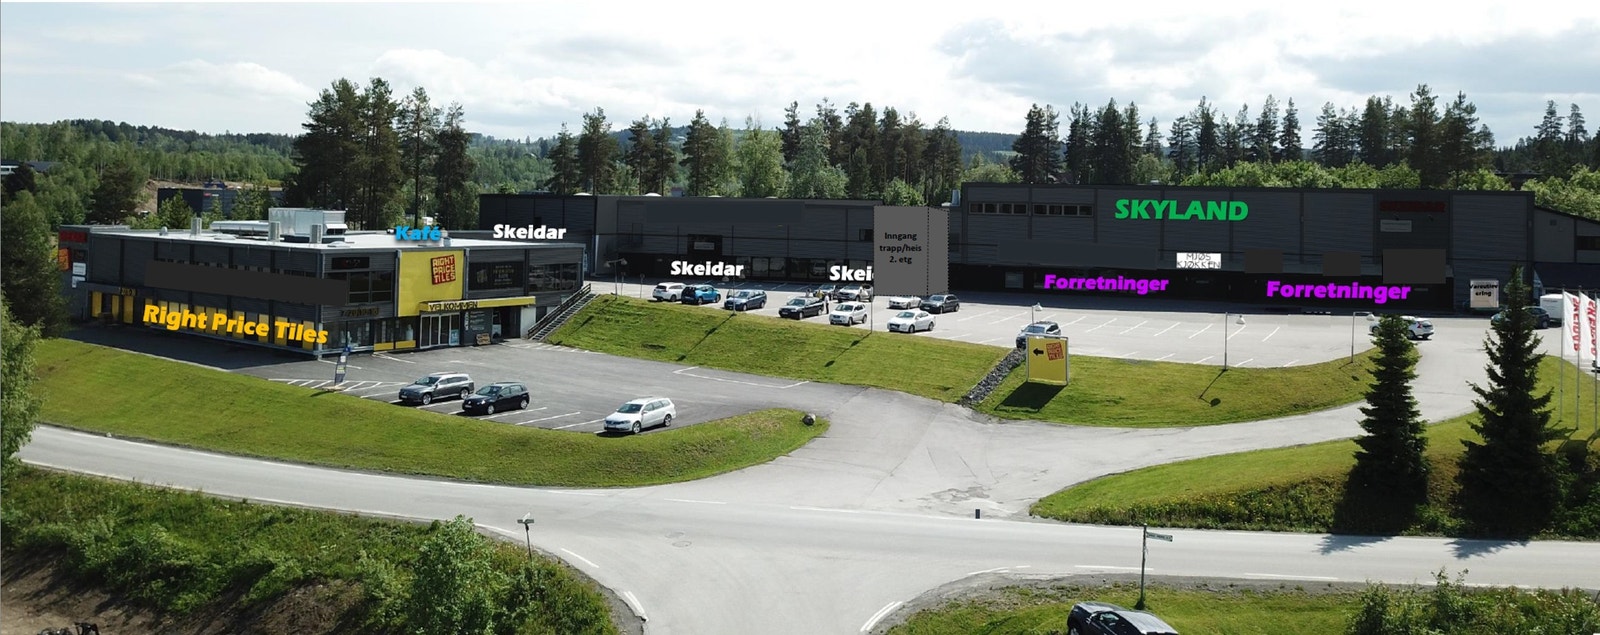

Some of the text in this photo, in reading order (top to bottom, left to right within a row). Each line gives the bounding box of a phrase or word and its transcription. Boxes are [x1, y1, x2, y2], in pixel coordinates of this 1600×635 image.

[432, 256, 454, 267] RIGHT
[433, 264, 455, 275] PRICE
[434, 272, 456, 284] TILES
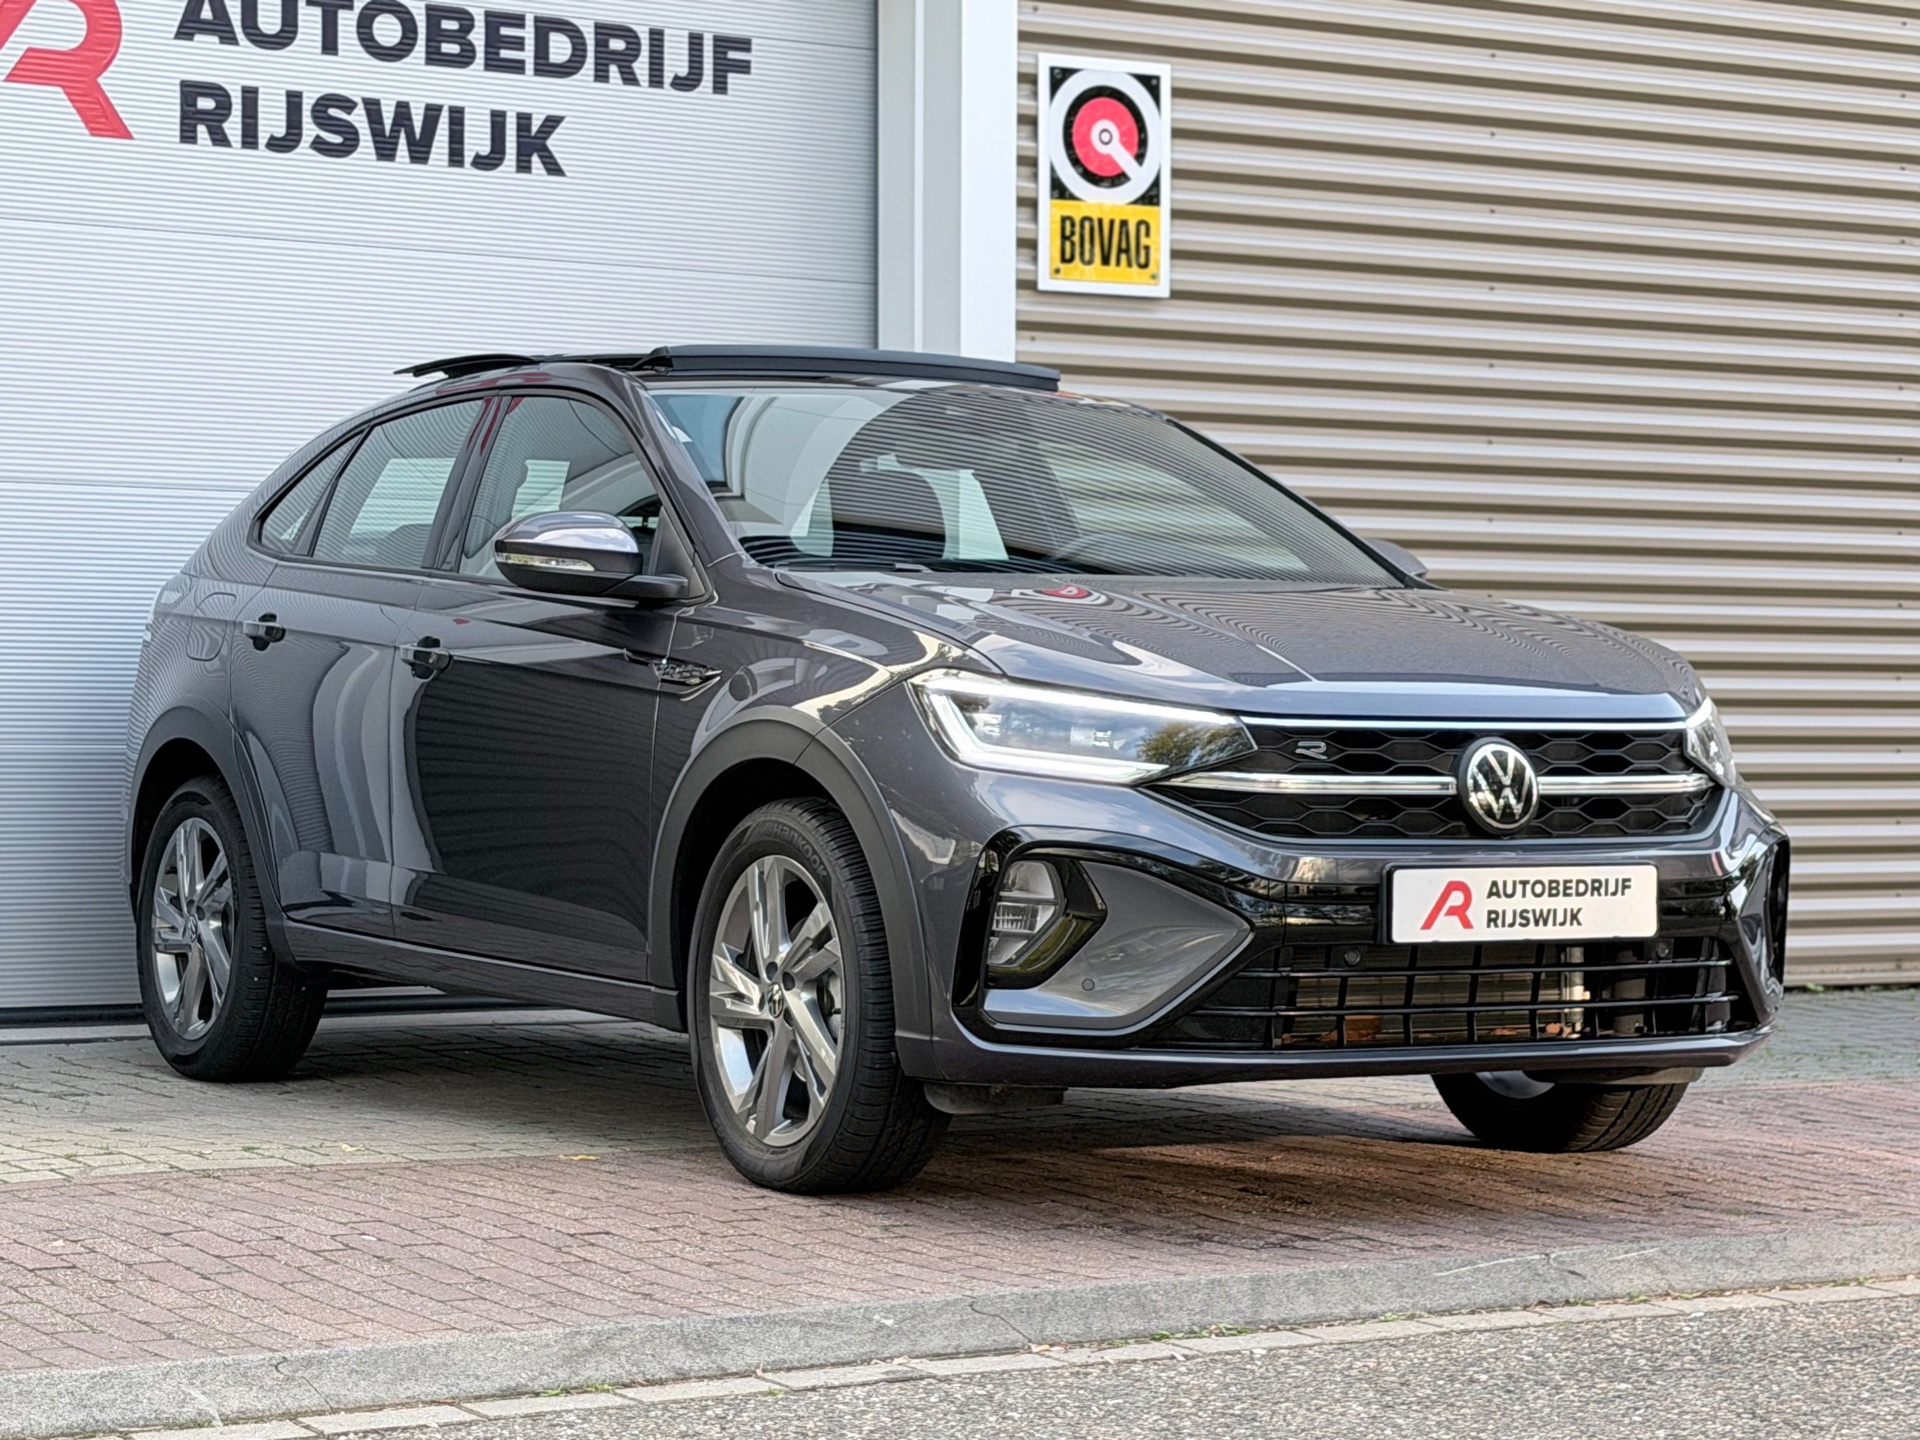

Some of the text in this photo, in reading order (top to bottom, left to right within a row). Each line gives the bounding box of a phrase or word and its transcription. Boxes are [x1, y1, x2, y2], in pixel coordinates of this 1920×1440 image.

━━━━

§ **WORK REQUIRED**: Without the pictures, reproduce every line of the records above exactly.

§ **SOLUTION TO THIS PROBLEM**:
Some of the text in this photo, in reading order (top to bottom, left to right within a row). Each line gives the bounding box of a phrase or word and its transcription. Boxes are [x1, y1, x2, y2], in pixel coordinates of this 1600×635 image.

[432, 256, 454, 267] RIGHT
[433, 264, 455, 275] PRICE
[434, 272, 456, 284] TILES

Some of the text in this photo, in reading order (top to bottom, left to right within a row). Each line gives the bounding box of a phrase or word and its transcription. Boxes are [x1, y1, x2, y2], in pixel coordinates of this 1920×1440 image.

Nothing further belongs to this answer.